_Entries provided_
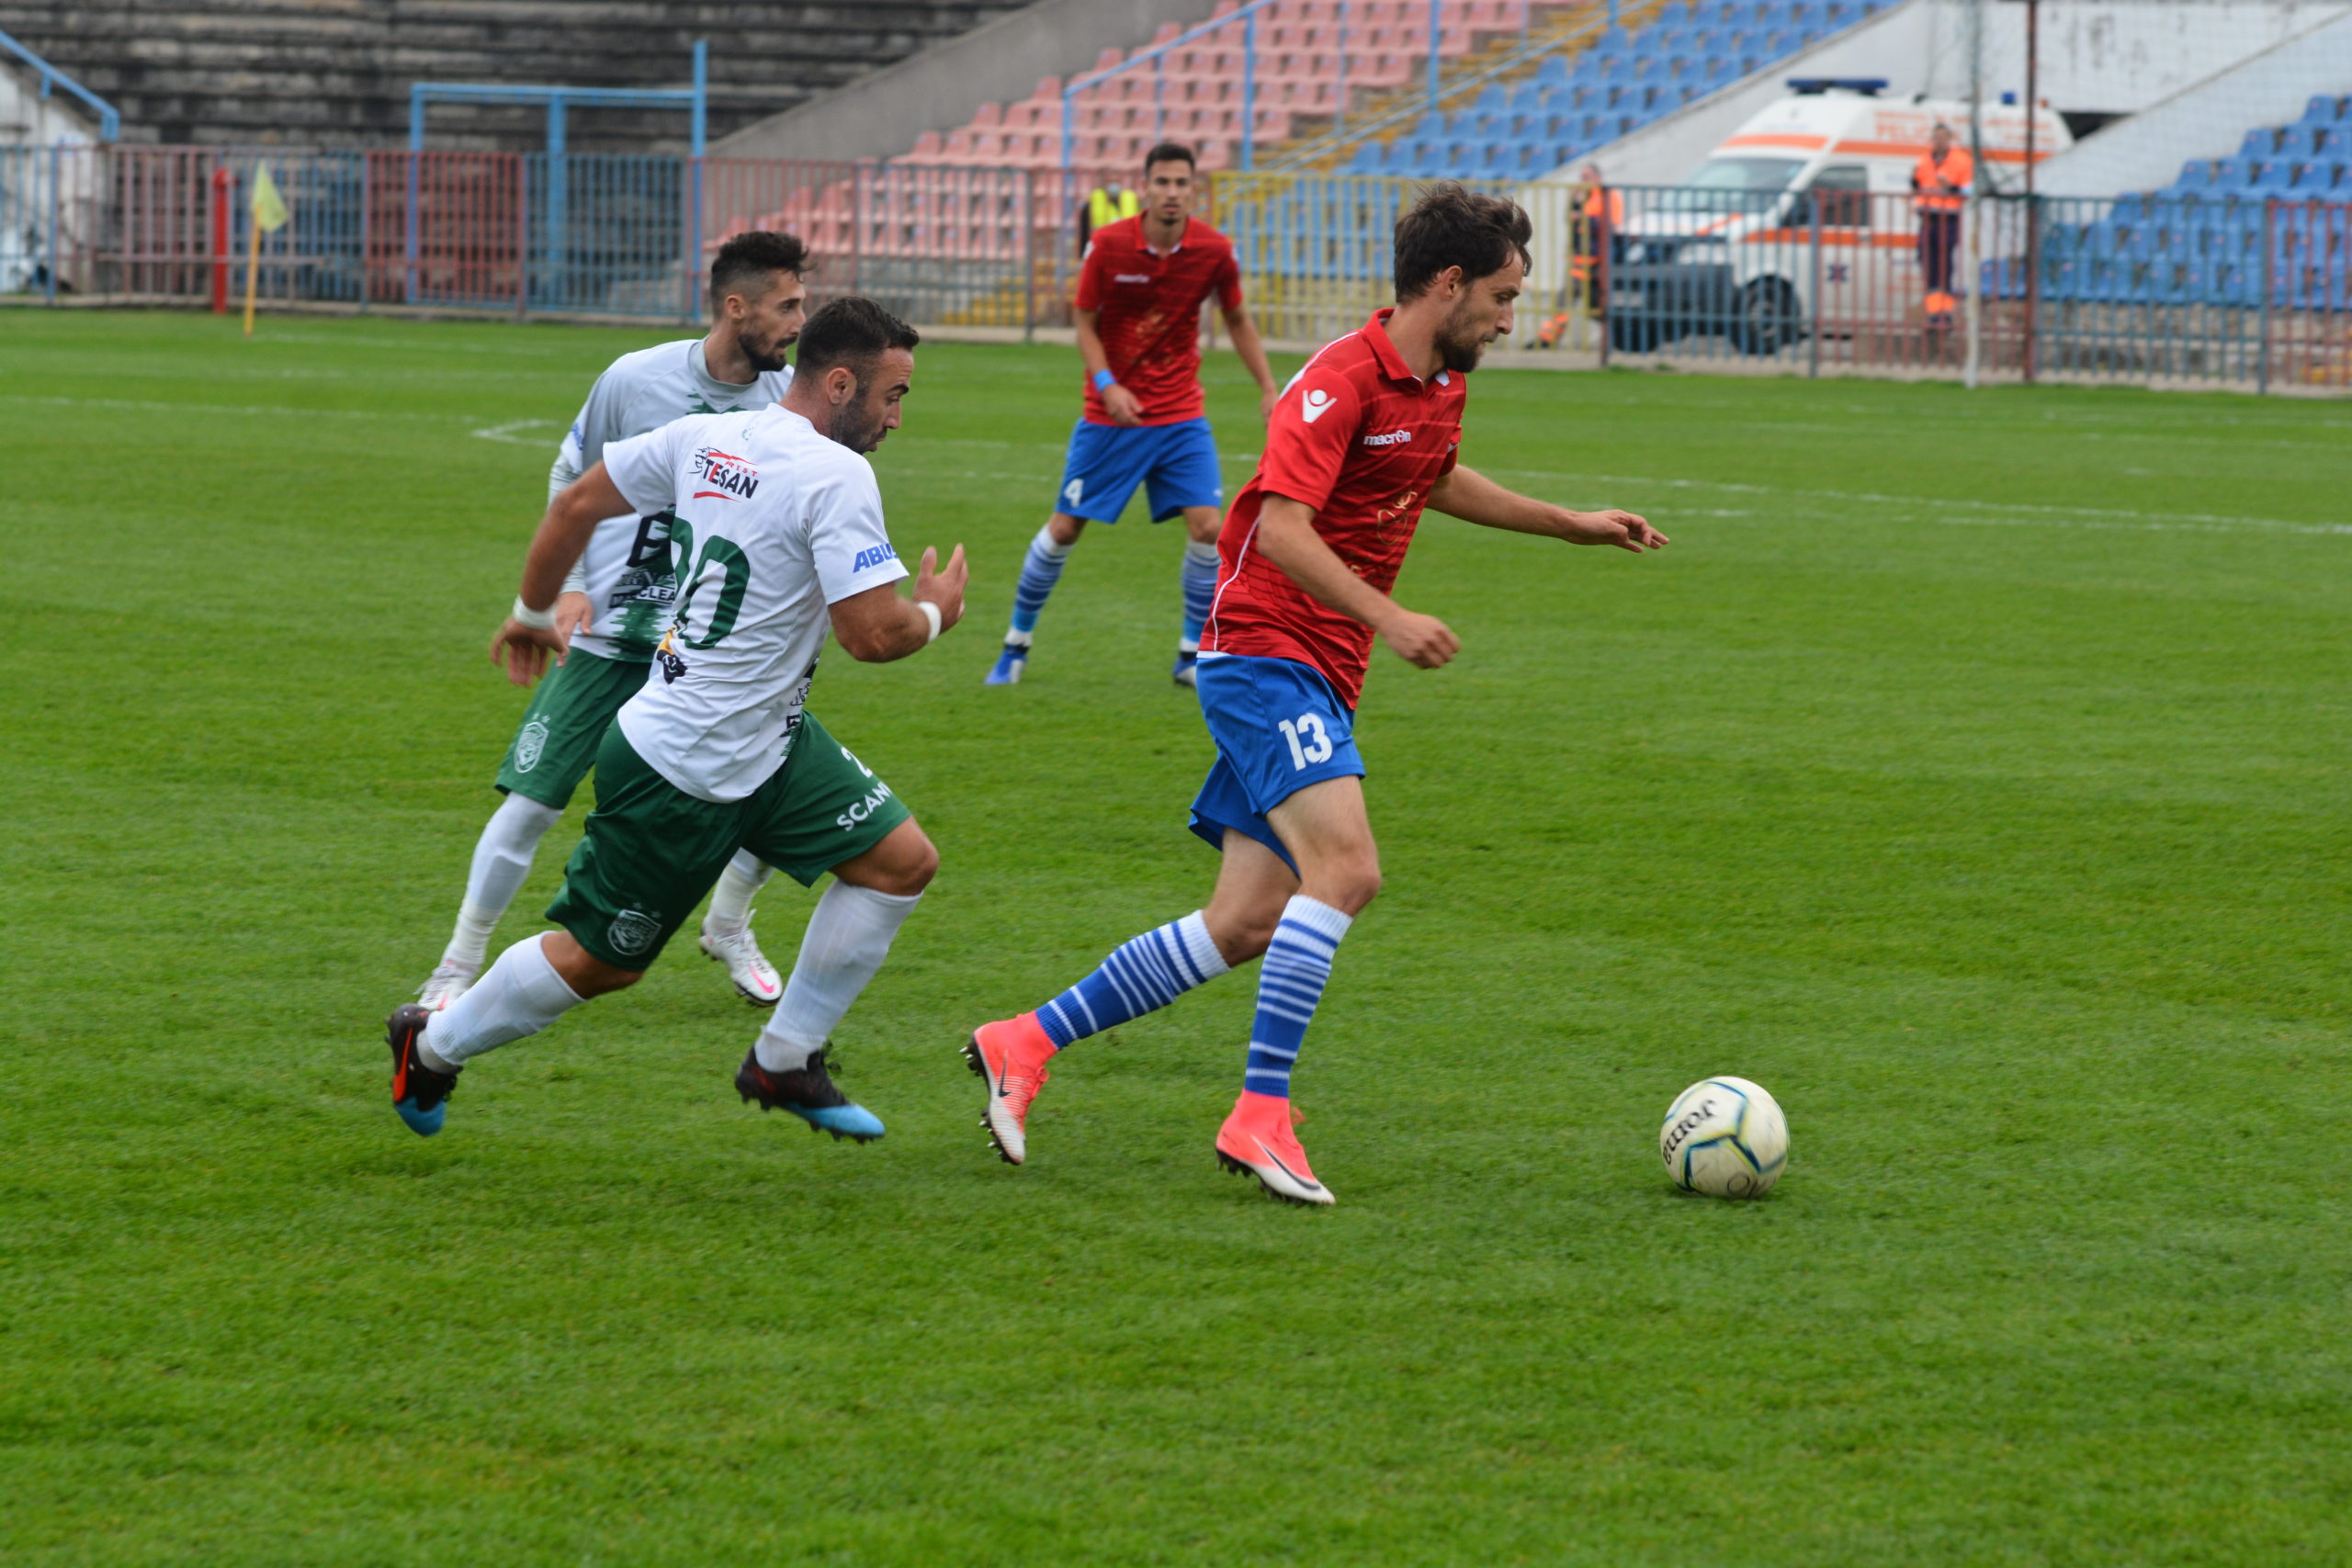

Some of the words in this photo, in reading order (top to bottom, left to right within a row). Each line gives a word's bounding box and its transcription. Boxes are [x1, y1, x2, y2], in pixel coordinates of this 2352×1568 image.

[1363, 429, 1411, 446] macron
[703, 458, 759, 499] TESAN
[1064, 478, 1084, 508] 4
[1278, 712, 1333, 772] 13
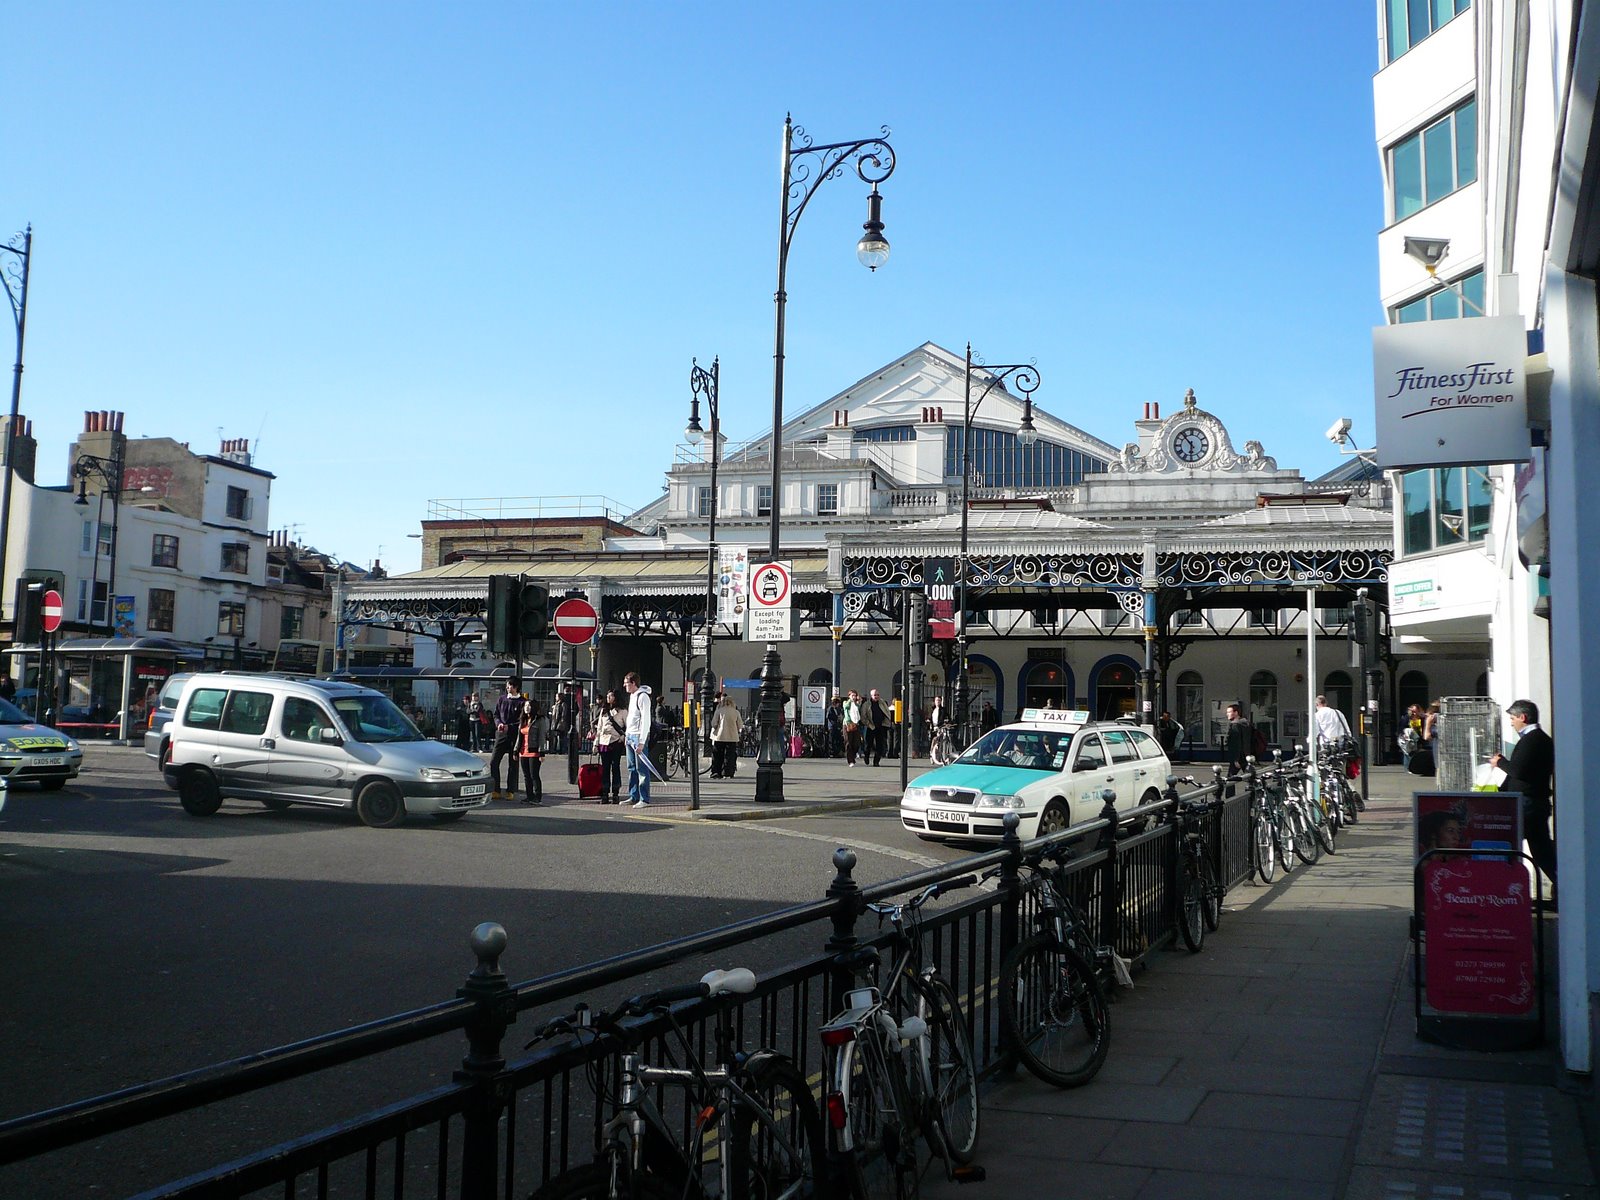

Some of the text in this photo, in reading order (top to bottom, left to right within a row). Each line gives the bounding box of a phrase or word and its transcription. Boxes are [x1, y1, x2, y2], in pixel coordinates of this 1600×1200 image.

[1430, 394, 1514, 406] For Women
[759, 617, 780, 625] loading
[480, 651, 487, 660] &
[1042, 713, 1068, 721] TAXI
[930, 811, 949, 820] HX54
[1487, 894, 1518, 907] Room

_Task item_
Lines before the one containing "Some of the text" stay out; reproduce that line and all the lines after it, through the end of the listing, exactly.

_Result below_
Some of the text in this photo, in reading order (top to bottom, left to right within a row). Each line gives the bounding box of a phrase or word and its transcription. Boxes are [x1, y1, x2, y2], in pixel coordinates of this 1600×1200 image.

[1430, 394, 1514, 406] For Women
[759, 617, 780, 625] loading
[480, 651, 487, 660] &
[1042, 713, 1068, 721] TAXI
[930, 811, 949, 820] HX54
[1487, 894, 1518, 907] Room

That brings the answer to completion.